HOWTO: Use the TASBE workflow for calibrated flow cytometry

As outlined in HOWTO: Use beads to correct for day-to-day variation, flow cytometry’s quantitative power is somewhat belied by the sensitivity of single-cell measurements to instrument configuration and state. In a word, cytometers drift – sometimes by as much as 20% over the course of a day, even with identical settings. This can complicate experiments or processes that depend on precise, reproducible measurements – predictive modeling of gene expression in particular.

Fortunately, a set of data manipulations can go a long way towards fixing these issues:

  • Subtract autofluorescence from the experimental measurements. This requires the measurement of a non-fluorescent control.

  • Compensate for spectral bleed-through. This requires the measurement of controls stained with (or expressing) the individual fluorophores alone.

  • Calibrate the measurements using a stable calibrant. This requires measuring a calibrant such as the Spherotech rainbow calibration particles

  • (Optional) Translate all the channels so they’re in the same units. This requires the measurement of multi-color controls where the staining (or expression) of each fluorophore is equal.

You can read more about this workflow in the following resources:

Because this method originated in software called Tool-Chain to Accelrate Synthetic Biology Engineering, we abbreviate it TASBE. And while it was developed in the context of modeling and simulating synthetic gene networks, there is nothing about it that is syn-bio specific. If you want to generate data sets that you can directly compare to eachother (particularly if they’re collected on the same instrument), this is the calibration that will let you to so. And while each of the steps above has its own operation, they’re also combined in the TASBE operation.

Procedure

  1. Collect the following controls:

    • Blank, un-stained, non-fluorescent cells (to subtract autofluorescence).

    • Cells stained with (or expressing) only one fluorophore (to compensate for spectral bleedthrough).

    • Beads (to calibrate the measurements)

    • (Optional) multi-color controls, where each pair of fluorescent molecules stains (or is expressed) at equal intensity.

  2. #. Import your data into Cytoflow. Do not import your control samples (unless they’re part of the experiment.) In the example below, we’ll have three fluorescence channels – Pacific Blue-A, FITC-A and PE-Tx-Red-YG-A – in addition to the forward and side-scatter channels.

    ../../_images/bleedthrough2.png
  3. (Optional but recommended) - use a gate to filter out the “real” cells from debris and clumps. Here, I’m using a polygon gate on the foward-scatter and side-scatter channels to select the population of “real” cells. (I’ve named the population “Cells” – that’s how we’ll refer to it subsequently.

    ../../_images/bleedthrough3.png
  4. Add the TASBE operation (it’s the TASBE button).

    ../../_images/tasbe2.png
  5. Select which channels you are calibrating.
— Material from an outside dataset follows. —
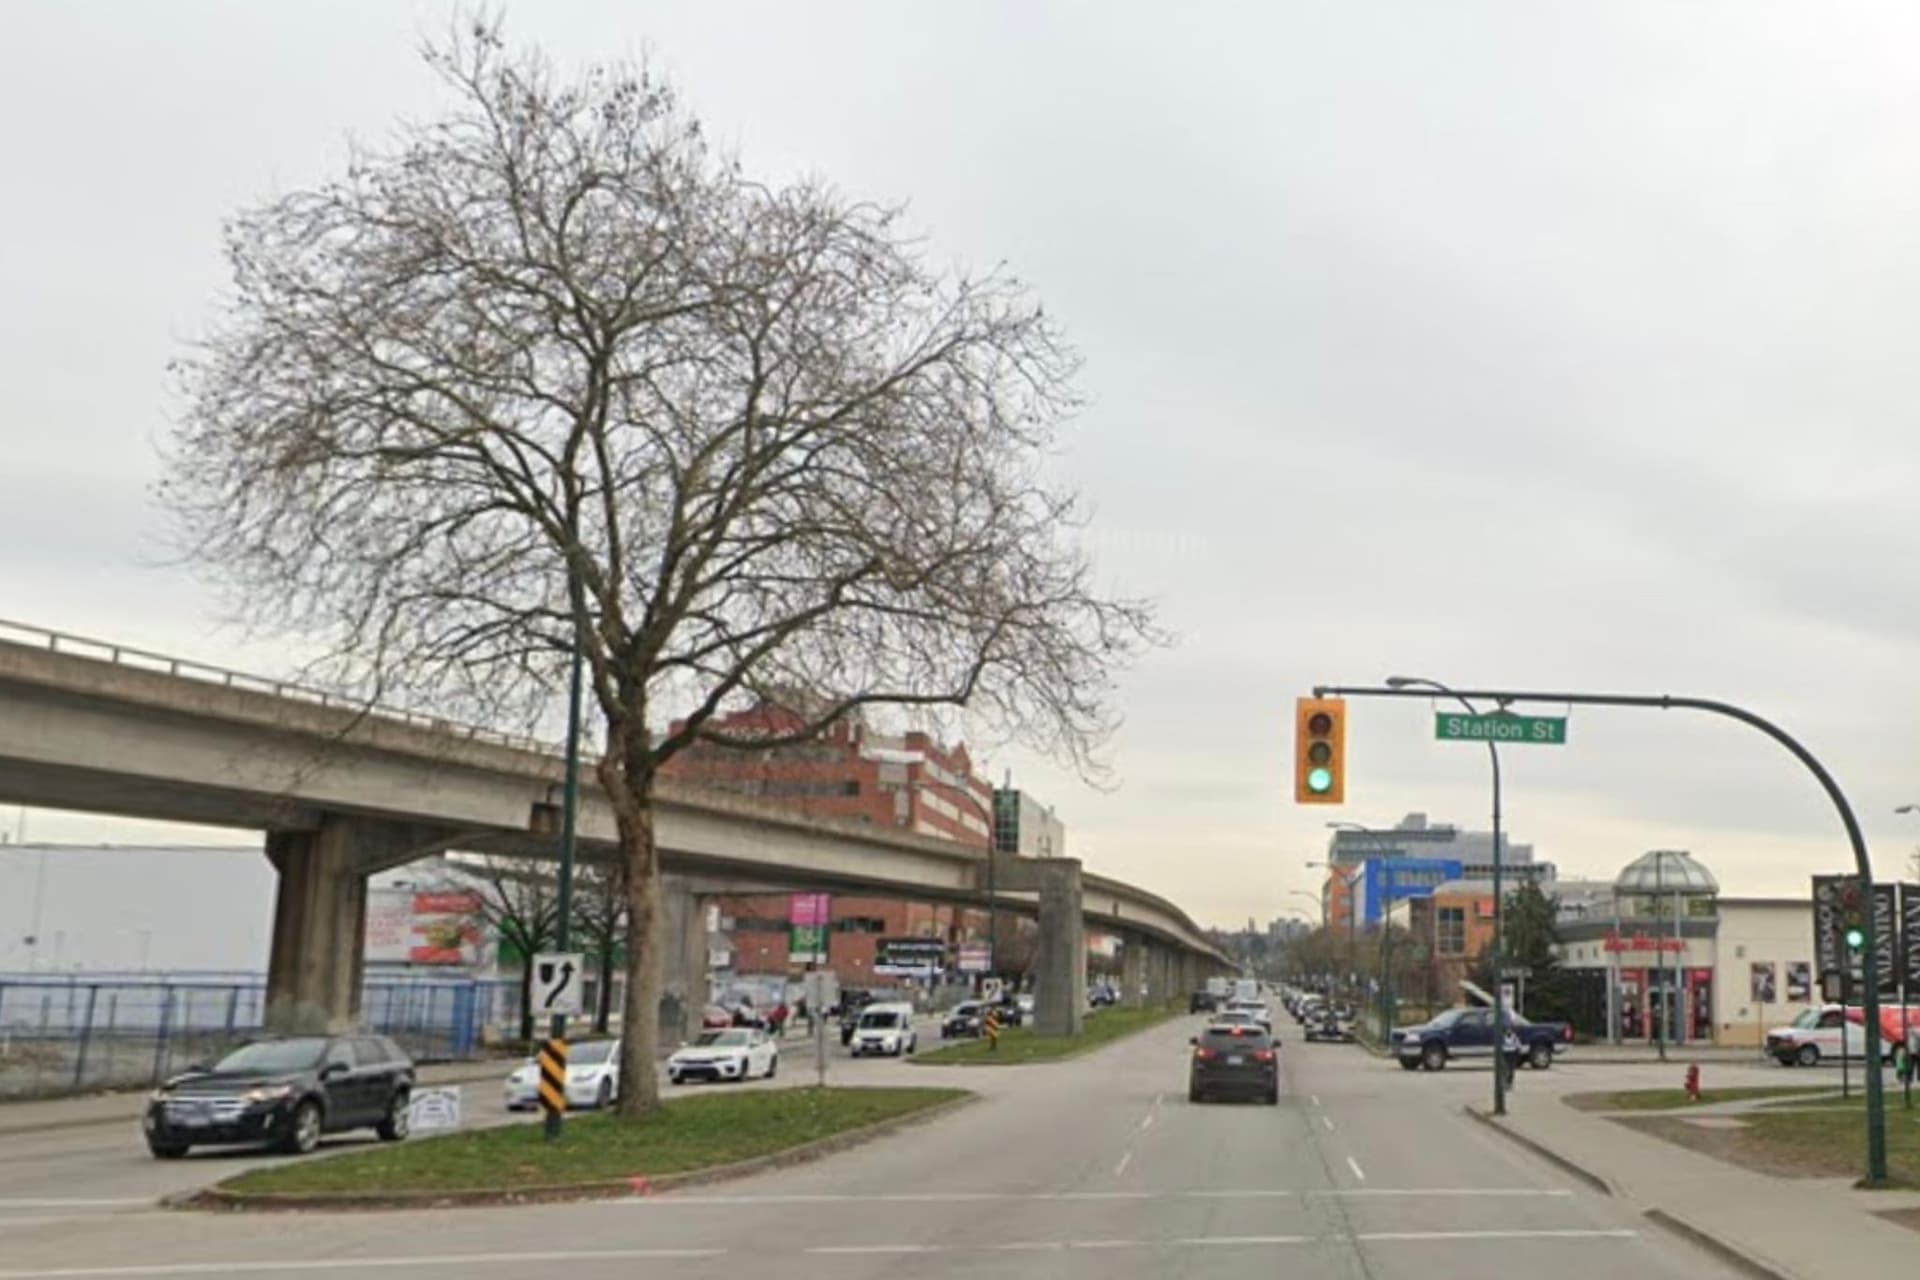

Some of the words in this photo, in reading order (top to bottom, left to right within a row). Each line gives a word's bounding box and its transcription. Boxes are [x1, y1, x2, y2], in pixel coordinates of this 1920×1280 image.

[1446, 717, 1523, 738] Station
[1532, 720, 1556, 739] St
[1873, 893, 1893, 985] VALENTINO
    ../../_images/tasbe3.png
  6. Specify the files containing the blank and single-fluorophore controls.

    ../../_images/tasbe4.png
  7. If you are not doing a unit translation: select the beads you’re using, the data file, and the appropriate units for each channel:

    ../../_images/tasbe5.png
  8. If you are doing a unit translation, specify the beads you’re using, the data file, the unit you want all the channels in, the channel you want everything translated to, and the multi-color control files.

    ../../_images/tasbe6.png

    Note

    If you’re measuring cells that have a large non-fluorescent population – such as transfected mammalian cells – choose Use mixture model as well.

  9. (Optional but recommended) - if you set a gate above to select for cells (and not clumps or debris), select that gate under Subset:’

    ../../_images/tasbe7.png
  10. Click Estimate!

  11. Check all three (or four) diagnostic plots – make sure that the estimates look reasonable.

    • Autofluorescence – there’s a single peak in each channel, and a red line at the center.

      ../../_images/tasbe8.png
    • Bleedthrough – the bleedthrough estimates (green lines) follow the data closely.

      ../../_images/tasbe9.png
    • Bead Calibration – all the peaks between the minimum and maximum cutoffs (blue dashed lines) were found, and there’s a linear relationship with the vendor-supplied values.

      ../../_images/tasbe10.png
    • Color translation – there’s a linear relationship between the channels, and if you’re using a mixture model, the centers of the two distributions were successfully identified.

      ../../_images/tasbe11.png
  12. Proceed with your analysis. If this will involve multiple data sets from multiple days, you may wish to export the calibrated data back into FCS files, as described here: HOWTO: Export FCS files.